- Opening Delimiter -

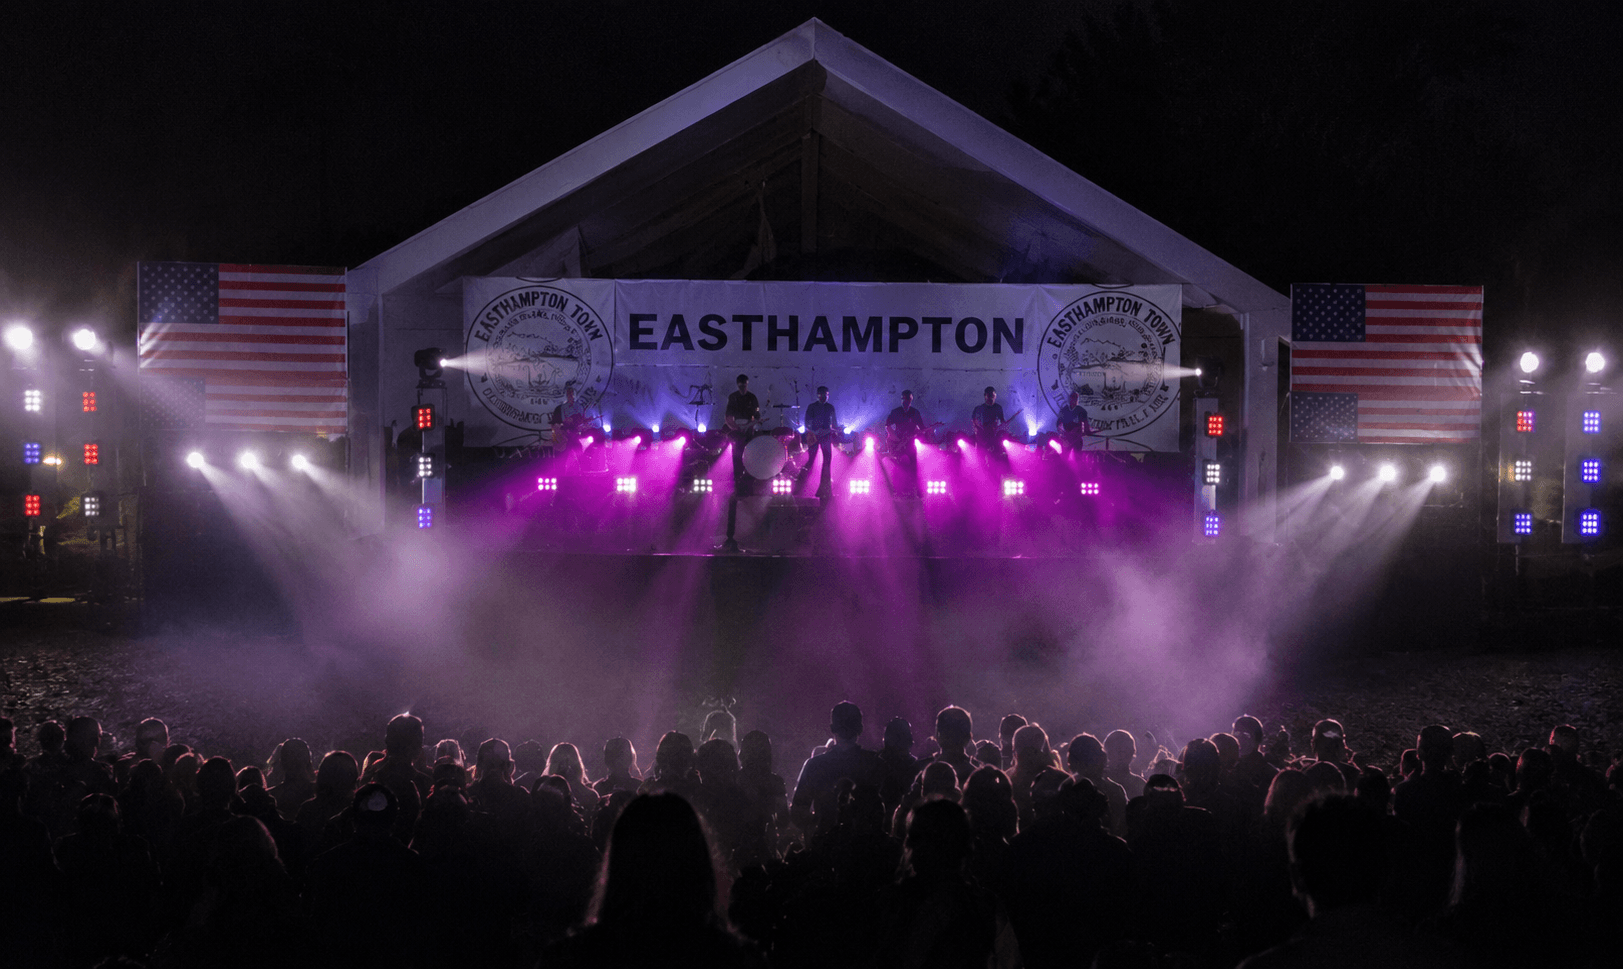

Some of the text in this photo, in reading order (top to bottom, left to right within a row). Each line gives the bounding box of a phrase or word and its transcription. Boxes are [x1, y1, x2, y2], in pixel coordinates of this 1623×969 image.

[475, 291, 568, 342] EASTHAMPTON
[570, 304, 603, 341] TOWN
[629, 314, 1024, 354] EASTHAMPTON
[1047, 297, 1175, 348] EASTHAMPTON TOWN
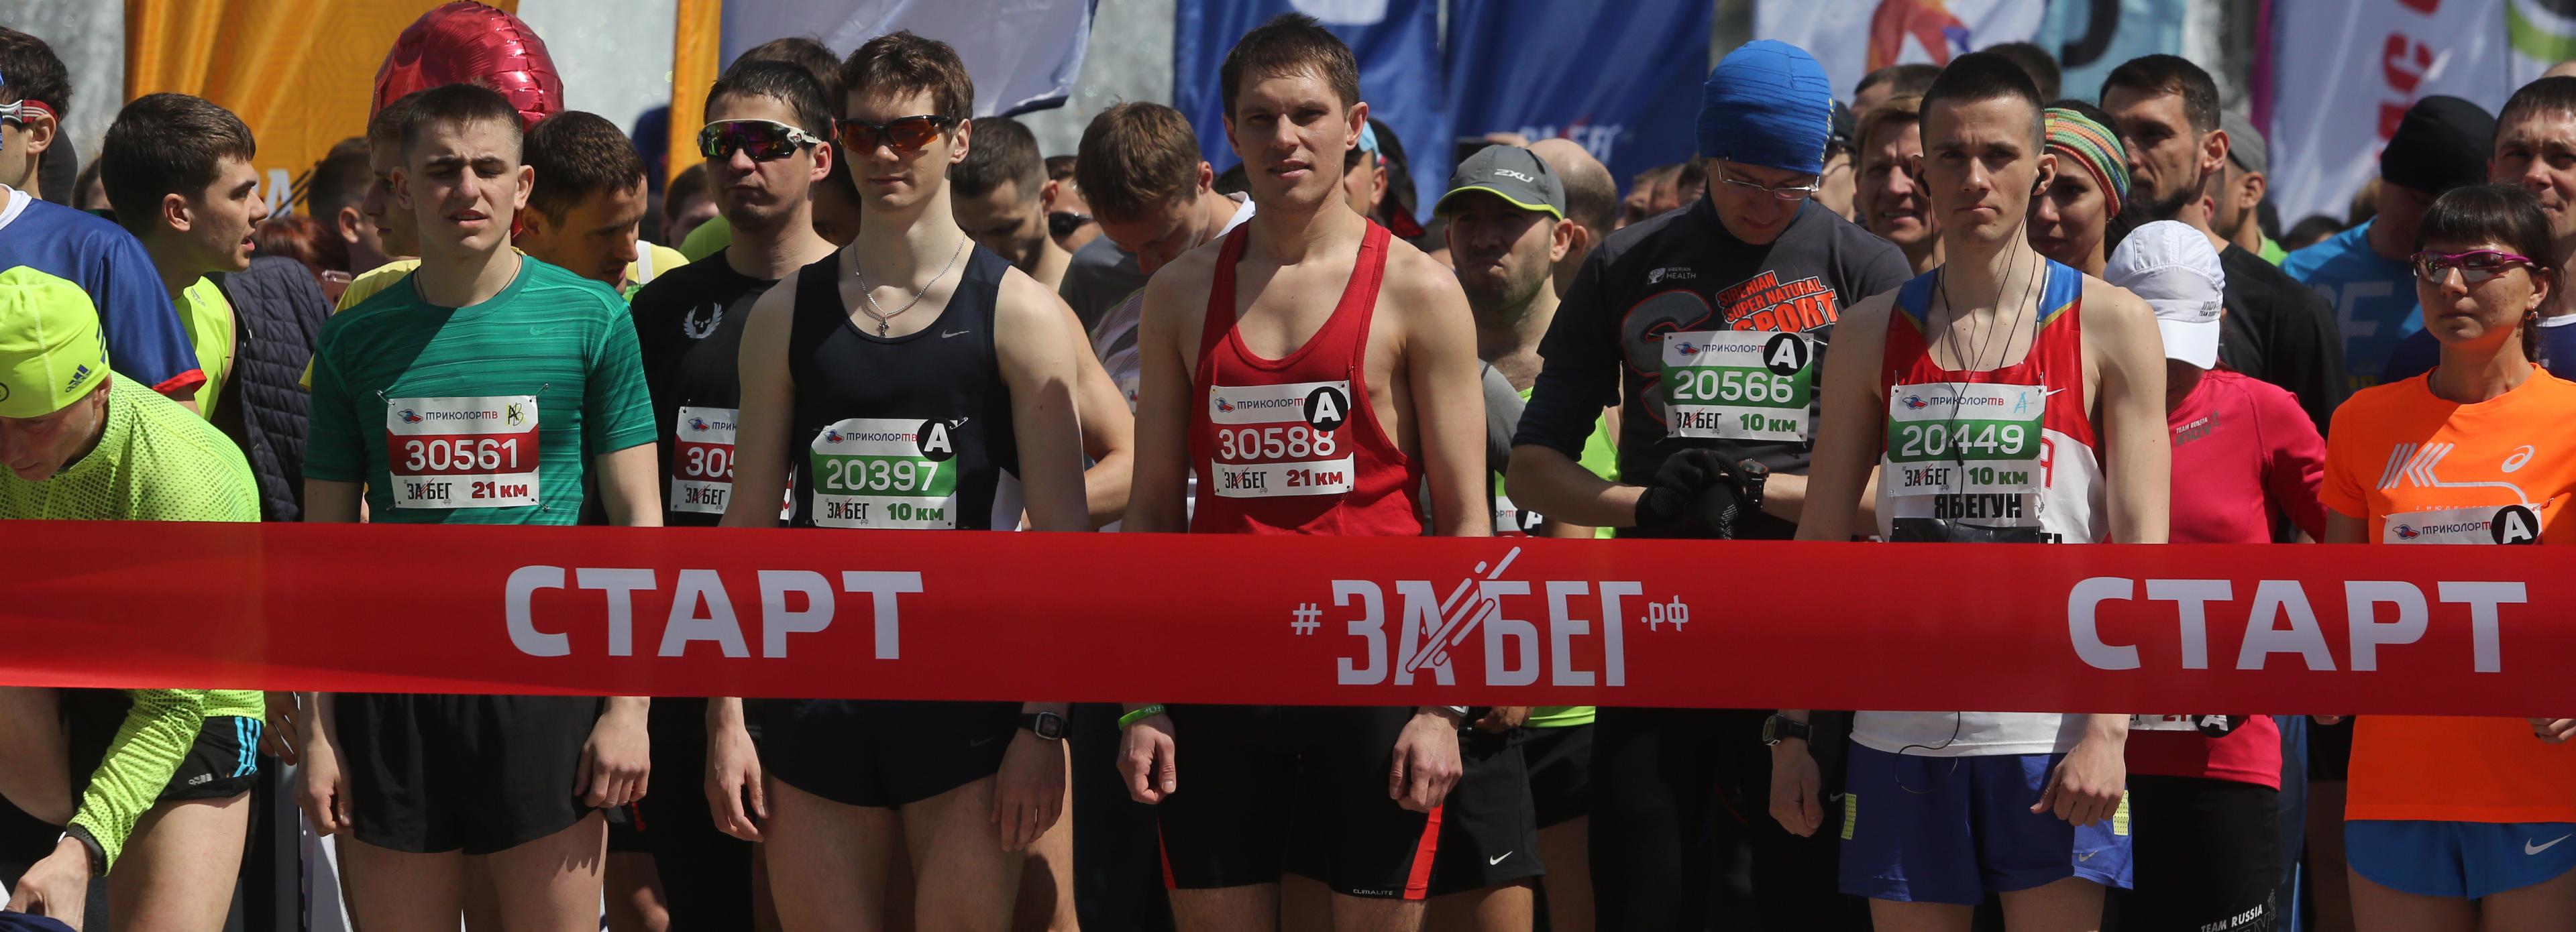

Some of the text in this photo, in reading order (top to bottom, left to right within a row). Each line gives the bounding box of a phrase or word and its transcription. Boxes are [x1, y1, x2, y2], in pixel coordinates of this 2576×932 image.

- Closing Delimiter -
- Opening Delimiter -

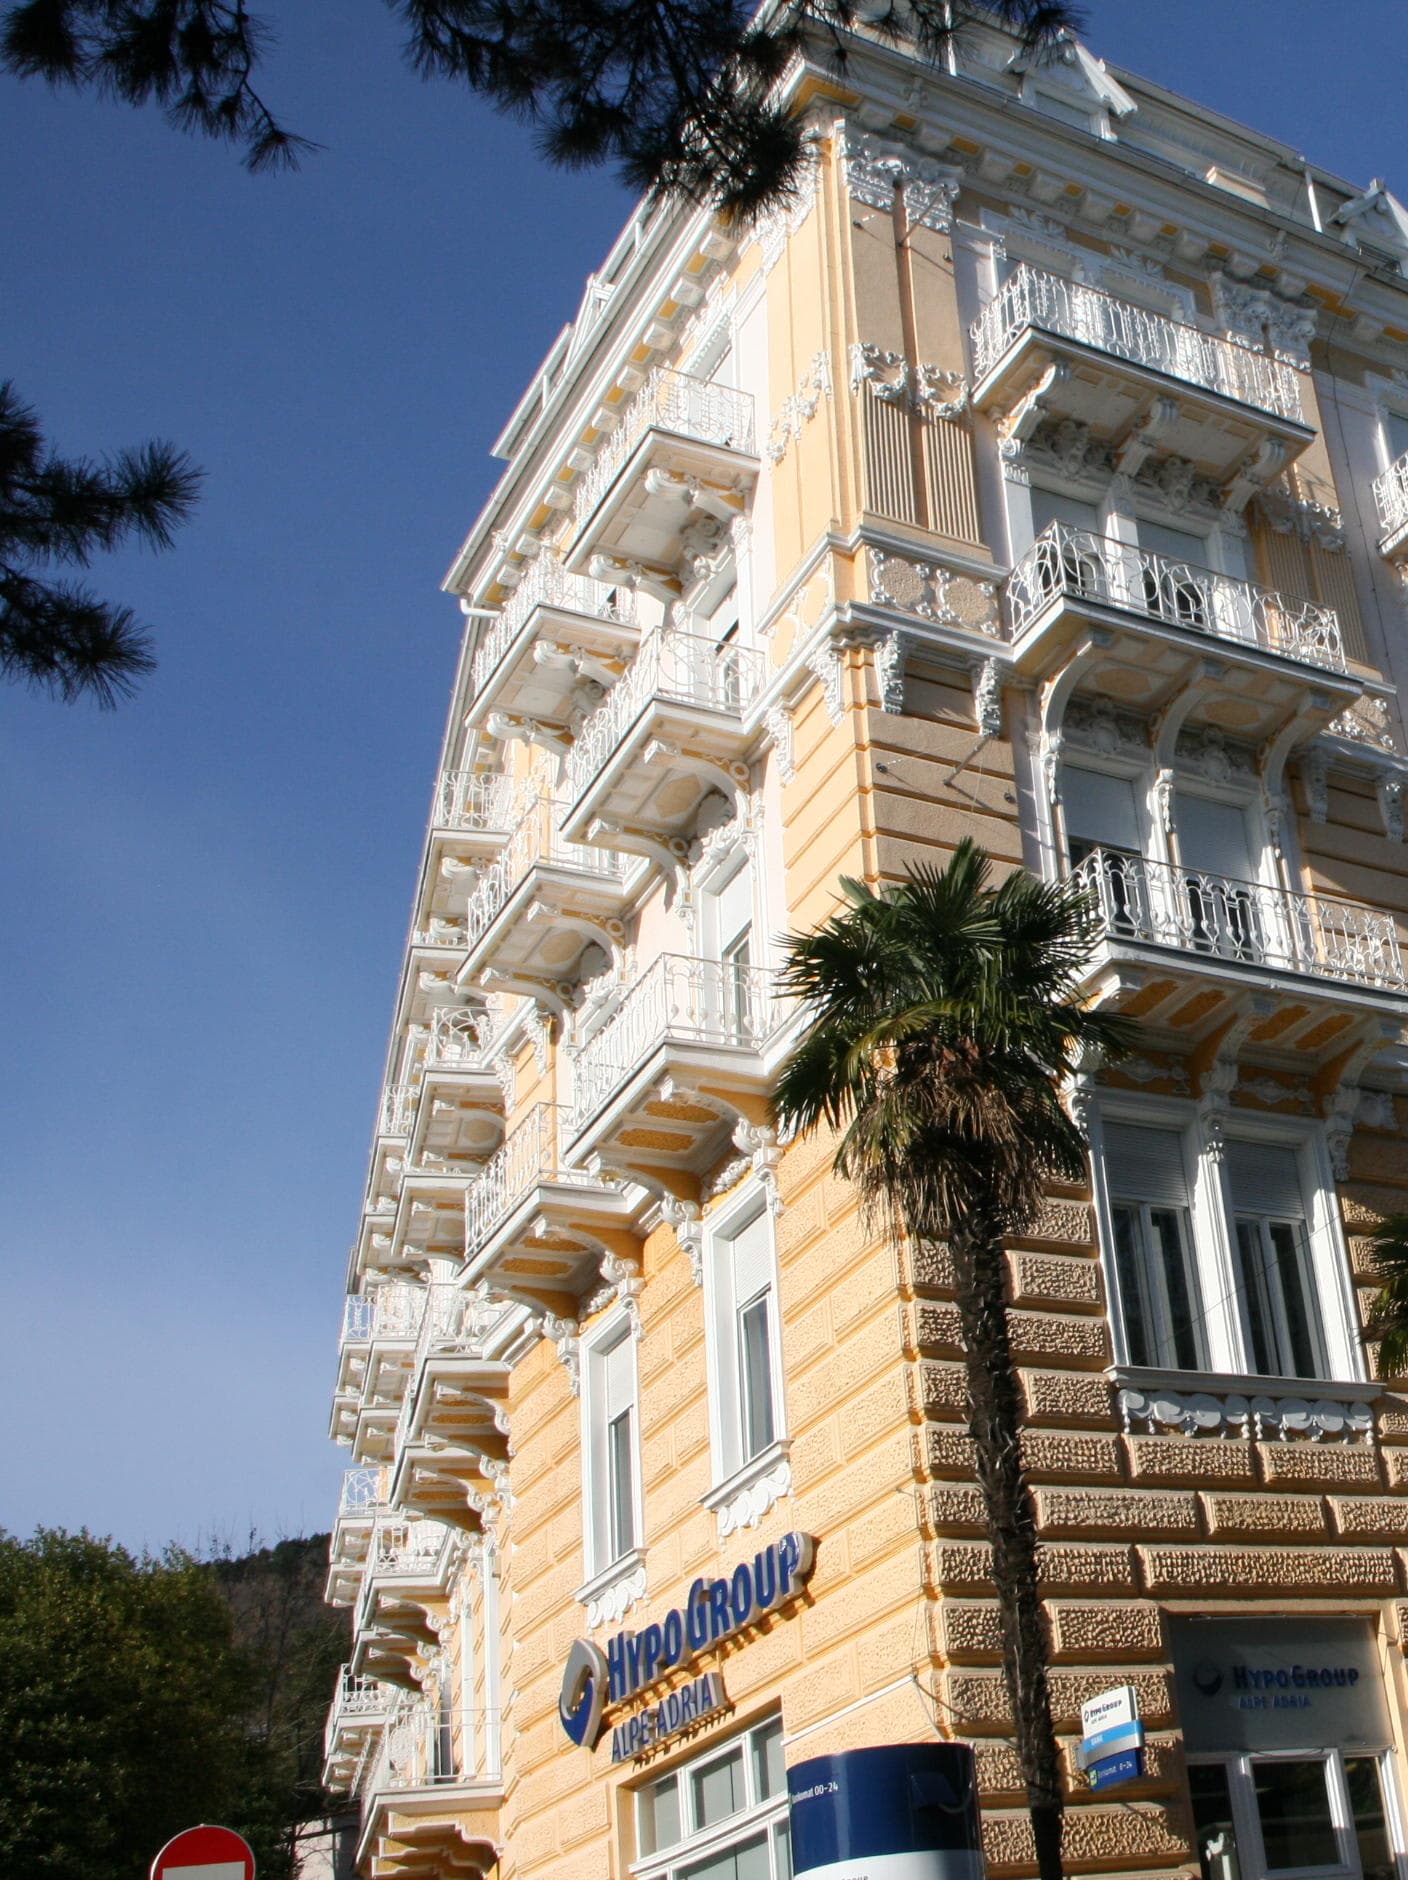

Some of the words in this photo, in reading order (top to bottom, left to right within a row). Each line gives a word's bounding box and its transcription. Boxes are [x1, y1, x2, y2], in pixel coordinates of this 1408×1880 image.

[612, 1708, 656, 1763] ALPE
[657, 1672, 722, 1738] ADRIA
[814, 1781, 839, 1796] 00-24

- Closing Delimiter -

Your instructions = Look above for the line with "this 1623×969 image." and copy exactly from it through the line with "this 2576×932 image.", both included. Omit the pictures.

Reply to the task =
Some of the text in this photo, in reading order (top to bottom, left to right within a row). Each line gives the bounding box of a phrase or word and its transcription. Boxes are [x1, y1, x2, y2], in pixel coordinates of this 1623×969 image.

[475, 291, 568, 342] EASTHAMPTON
[570, 304, 603, 341] TOWN
[629, 314, 1024, 354] EASTHAMPTON
[1047, 297, 1175, 348] EASTHAMPTON TOWN

Some of the text in this photo, in reading order (top to bottom, left to right within a row). Each line gives the bounding box of a phrase or word and its transcription. Boxes are [x1, y1, x2, y2], in pixel coordinates of this 2576×932 image.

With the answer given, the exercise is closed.